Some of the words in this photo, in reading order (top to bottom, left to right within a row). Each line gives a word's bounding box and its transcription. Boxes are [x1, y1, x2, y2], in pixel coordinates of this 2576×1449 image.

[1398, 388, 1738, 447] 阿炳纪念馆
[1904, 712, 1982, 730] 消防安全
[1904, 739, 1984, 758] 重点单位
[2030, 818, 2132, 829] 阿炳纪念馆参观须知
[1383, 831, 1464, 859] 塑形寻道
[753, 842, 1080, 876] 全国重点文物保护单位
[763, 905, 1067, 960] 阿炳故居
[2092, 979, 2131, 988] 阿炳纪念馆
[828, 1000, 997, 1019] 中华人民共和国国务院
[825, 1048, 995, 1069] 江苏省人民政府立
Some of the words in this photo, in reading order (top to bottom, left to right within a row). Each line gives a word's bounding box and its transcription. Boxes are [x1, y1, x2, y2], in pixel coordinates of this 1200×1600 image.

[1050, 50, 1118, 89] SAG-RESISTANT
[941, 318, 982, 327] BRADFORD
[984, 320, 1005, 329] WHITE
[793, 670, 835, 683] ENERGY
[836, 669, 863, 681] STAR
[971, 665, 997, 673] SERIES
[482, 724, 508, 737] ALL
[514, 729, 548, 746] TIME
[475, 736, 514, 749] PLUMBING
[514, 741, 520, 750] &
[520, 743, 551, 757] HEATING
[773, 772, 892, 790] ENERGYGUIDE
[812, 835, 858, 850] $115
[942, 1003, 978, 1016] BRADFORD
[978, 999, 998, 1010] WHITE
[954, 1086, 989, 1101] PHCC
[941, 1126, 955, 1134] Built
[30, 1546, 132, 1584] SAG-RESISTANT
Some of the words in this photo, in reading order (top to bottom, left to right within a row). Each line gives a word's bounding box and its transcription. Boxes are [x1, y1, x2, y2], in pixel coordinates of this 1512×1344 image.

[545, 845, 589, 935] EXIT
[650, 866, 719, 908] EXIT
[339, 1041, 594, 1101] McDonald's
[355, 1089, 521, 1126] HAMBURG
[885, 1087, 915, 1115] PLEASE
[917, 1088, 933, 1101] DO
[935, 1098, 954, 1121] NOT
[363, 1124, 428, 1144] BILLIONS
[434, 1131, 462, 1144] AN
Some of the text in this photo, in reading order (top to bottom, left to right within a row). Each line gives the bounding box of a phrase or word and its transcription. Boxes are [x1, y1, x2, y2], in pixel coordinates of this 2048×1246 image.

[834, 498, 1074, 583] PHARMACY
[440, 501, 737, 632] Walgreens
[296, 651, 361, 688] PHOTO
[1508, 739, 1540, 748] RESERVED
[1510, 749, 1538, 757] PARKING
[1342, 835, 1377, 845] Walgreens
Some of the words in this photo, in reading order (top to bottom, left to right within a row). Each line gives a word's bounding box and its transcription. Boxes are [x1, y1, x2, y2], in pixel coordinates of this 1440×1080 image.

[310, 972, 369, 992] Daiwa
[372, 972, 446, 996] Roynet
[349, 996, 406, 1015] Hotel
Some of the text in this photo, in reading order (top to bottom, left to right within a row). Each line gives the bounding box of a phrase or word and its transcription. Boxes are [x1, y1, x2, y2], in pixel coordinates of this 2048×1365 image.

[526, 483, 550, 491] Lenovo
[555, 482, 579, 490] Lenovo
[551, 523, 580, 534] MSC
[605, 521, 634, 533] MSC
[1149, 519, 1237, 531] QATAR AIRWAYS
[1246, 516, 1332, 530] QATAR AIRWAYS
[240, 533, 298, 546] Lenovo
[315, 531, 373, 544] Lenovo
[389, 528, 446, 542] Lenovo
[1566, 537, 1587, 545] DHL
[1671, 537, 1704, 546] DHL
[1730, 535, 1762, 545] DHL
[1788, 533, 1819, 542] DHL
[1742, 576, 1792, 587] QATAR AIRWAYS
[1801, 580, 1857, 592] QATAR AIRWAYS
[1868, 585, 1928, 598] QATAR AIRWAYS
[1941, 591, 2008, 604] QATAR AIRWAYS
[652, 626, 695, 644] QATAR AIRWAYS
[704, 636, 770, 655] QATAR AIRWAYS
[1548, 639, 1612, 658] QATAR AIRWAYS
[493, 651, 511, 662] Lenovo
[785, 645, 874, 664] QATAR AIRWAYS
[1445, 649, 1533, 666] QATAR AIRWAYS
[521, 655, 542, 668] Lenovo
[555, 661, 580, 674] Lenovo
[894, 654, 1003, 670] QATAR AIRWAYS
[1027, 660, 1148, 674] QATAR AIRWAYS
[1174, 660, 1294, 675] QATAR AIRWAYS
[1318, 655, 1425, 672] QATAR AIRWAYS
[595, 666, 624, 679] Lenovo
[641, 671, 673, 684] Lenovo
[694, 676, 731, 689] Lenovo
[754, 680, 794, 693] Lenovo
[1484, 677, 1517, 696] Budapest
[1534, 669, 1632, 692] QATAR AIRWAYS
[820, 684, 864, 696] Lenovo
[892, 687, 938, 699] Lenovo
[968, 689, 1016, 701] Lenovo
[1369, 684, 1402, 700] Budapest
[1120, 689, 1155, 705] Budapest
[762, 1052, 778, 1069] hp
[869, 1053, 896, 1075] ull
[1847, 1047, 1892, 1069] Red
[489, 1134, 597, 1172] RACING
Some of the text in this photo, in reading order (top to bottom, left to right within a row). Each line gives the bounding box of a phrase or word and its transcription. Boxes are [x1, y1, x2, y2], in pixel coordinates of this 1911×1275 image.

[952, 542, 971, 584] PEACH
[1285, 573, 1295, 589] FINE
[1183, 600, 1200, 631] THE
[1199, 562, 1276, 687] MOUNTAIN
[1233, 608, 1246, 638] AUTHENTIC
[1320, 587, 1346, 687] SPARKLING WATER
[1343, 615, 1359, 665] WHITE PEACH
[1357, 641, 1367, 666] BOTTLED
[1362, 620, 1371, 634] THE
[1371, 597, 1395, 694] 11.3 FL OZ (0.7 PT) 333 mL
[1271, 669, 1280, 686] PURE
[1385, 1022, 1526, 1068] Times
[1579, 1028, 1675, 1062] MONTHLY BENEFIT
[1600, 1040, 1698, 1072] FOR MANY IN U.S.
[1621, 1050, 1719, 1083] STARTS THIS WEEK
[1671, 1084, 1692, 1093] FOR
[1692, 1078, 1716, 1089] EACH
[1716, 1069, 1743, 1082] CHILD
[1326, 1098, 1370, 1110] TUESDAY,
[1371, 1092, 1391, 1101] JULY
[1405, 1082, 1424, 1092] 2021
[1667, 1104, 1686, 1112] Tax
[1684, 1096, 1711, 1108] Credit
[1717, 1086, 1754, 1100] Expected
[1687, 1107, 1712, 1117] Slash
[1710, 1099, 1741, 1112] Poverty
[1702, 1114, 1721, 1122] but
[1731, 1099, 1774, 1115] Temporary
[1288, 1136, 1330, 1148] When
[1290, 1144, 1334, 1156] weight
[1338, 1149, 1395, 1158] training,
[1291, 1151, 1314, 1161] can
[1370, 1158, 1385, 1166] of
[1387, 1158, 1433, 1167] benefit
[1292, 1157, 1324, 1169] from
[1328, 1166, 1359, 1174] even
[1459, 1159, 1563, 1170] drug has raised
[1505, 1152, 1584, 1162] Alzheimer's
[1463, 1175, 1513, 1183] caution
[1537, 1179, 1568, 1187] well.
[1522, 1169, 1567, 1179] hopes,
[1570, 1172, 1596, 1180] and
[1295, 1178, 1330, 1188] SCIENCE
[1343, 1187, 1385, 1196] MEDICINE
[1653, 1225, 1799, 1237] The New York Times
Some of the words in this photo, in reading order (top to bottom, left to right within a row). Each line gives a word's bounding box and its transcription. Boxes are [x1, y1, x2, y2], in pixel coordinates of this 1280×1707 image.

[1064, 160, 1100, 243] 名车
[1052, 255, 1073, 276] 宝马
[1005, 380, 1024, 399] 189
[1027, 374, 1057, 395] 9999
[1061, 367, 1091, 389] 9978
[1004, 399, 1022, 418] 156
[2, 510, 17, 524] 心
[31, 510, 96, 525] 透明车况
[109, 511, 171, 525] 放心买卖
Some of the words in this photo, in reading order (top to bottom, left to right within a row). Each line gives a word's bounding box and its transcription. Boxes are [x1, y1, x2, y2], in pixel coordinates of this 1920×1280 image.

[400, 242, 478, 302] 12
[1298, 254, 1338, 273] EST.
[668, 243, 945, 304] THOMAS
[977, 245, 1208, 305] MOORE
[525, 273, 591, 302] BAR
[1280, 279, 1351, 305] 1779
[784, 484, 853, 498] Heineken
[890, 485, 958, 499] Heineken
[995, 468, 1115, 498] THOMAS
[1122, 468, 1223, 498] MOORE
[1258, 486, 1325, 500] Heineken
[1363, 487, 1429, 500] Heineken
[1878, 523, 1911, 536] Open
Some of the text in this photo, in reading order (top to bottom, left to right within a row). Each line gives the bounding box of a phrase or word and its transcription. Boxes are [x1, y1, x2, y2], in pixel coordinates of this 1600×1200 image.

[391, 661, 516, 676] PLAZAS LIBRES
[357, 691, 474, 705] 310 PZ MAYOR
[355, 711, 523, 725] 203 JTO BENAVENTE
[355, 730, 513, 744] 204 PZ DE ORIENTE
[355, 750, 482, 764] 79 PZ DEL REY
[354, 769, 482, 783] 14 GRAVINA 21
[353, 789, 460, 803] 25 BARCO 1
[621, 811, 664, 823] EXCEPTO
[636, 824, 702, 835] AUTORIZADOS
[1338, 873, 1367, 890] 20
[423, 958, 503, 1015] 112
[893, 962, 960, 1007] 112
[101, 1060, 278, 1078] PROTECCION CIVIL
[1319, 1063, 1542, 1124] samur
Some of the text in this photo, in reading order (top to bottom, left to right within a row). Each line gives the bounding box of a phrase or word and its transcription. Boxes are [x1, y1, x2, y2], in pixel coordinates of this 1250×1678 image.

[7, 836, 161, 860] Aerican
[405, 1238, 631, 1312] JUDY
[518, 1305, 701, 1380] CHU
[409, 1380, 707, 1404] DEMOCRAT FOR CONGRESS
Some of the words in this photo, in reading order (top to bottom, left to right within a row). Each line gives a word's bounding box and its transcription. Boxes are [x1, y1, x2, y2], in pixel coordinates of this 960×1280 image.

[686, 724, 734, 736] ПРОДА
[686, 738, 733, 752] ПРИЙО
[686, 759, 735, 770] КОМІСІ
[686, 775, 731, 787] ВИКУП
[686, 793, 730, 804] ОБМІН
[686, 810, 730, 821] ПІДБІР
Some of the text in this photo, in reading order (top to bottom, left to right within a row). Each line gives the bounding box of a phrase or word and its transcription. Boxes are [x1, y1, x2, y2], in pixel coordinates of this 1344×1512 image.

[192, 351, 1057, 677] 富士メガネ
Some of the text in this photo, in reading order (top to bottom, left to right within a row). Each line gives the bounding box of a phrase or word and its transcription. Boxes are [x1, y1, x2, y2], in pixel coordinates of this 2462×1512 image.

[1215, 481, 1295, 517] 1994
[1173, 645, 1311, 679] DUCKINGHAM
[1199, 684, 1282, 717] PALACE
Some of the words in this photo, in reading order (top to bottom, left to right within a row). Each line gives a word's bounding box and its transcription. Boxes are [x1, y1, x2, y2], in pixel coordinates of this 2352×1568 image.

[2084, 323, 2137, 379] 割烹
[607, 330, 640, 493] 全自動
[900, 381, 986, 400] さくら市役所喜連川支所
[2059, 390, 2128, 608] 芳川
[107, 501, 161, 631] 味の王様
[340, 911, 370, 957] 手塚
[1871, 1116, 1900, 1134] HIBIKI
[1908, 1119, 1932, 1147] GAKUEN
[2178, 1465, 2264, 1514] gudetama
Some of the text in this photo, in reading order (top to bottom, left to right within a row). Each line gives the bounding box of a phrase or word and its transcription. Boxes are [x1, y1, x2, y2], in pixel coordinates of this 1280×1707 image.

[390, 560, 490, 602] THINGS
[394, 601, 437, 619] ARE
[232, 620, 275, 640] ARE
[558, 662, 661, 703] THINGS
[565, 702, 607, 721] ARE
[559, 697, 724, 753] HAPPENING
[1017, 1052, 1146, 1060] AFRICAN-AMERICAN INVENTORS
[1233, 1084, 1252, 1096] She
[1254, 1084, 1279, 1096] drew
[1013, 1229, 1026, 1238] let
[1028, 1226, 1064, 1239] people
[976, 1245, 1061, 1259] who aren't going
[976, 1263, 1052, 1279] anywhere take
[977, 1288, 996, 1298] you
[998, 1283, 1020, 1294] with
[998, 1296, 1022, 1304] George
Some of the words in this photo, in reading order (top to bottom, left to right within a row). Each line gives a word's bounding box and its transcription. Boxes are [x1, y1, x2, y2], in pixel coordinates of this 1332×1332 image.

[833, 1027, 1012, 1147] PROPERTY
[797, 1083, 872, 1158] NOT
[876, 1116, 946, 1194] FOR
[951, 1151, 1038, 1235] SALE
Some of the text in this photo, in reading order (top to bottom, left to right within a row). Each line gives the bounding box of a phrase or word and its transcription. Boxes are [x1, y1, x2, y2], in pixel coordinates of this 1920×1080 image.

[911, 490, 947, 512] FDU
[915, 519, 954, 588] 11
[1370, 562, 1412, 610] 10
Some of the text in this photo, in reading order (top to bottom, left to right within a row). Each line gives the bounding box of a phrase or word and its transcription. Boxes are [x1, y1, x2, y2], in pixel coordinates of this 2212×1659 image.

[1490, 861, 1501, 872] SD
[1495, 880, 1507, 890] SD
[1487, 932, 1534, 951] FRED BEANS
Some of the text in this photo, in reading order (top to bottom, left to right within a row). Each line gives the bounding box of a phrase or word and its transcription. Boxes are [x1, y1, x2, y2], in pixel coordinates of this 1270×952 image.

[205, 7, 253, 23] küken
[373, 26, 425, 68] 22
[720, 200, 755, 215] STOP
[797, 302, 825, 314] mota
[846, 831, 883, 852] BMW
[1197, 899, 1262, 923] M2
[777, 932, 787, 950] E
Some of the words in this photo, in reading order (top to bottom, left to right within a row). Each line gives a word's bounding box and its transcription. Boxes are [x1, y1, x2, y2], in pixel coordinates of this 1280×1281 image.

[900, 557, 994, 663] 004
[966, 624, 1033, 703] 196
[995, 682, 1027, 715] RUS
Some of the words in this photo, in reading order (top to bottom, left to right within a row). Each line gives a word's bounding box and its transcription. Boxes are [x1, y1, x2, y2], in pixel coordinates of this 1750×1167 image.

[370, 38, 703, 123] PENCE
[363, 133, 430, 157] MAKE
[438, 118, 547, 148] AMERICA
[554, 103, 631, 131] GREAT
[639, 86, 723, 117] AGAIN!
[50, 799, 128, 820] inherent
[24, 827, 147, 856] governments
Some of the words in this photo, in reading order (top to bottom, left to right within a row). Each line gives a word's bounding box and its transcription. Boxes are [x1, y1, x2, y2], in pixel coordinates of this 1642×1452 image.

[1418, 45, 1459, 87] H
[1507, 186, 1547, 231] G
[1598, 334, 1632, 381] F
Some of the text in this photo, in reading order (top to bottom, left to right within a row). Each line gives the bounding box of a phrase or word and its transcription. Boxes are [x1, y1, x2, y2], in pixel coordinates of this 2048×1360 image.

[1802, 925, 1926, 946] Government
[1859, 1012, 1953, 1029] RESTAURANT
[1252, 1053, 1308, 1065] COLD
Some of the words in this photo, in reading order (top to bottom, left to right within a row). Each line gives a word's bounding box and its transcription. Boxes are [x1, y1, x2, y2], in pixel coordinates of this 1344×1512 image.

▶ What is expected
Restate precisely, and with nothing added, the lines from the one with "this 1750×1167 image." through the final line of the material.

▶ Result
Some of the words in this photo, in reading order (top to bottom, left to right within a row). Each line gives a word's bounding box and its transcription. Boxes are [x1, y1, x2, y2], in pixel coordinates of this 1750×1167 image.

[370, 38, 703, 123] PENCE
[363, 133, 430, 157] MAKE
[438, 118, 547, 148] AMERICA
[554, 103, 631, 131] GREAT
[639, 86, 723, 117] AGAIN!
[50, 799, 128, 820] inherent
[24, 827, 147, 856] governments
Some of the words in this photo, in reading order (top to bottom, left to right within a row). Each line gives a word's bounding box and its transcription. Boxes are [x1, y1, x2, y2], in pixel coordinates of this 1642×1452 image.

[1418, 45, 1459, 87] H
[1507, 186, 1547, 231] G
[1598, 334, 1632, 381] F
Some of the text in this photo, in reading order (top to bottom, left to right within a row). Each line gives the bounding box of a phrase or word and its transcription. Boxes are [x1, y1, x2, y2], in pixel coordinates of this 2048×1360 image.

[1802, 925, 1926, 946] Government
[1859, 1012, 1953, 1029] RESTAURANT
[1252, 1053, 1308, 1065] COLD
Some of the words in this photo, in reading order (top to bottom, left to right within a row). Each line gives a word's bounding box and its transcription. Boxes are [x1, y1, x2, y2], in pixel coordinates of this 1344×1512 image.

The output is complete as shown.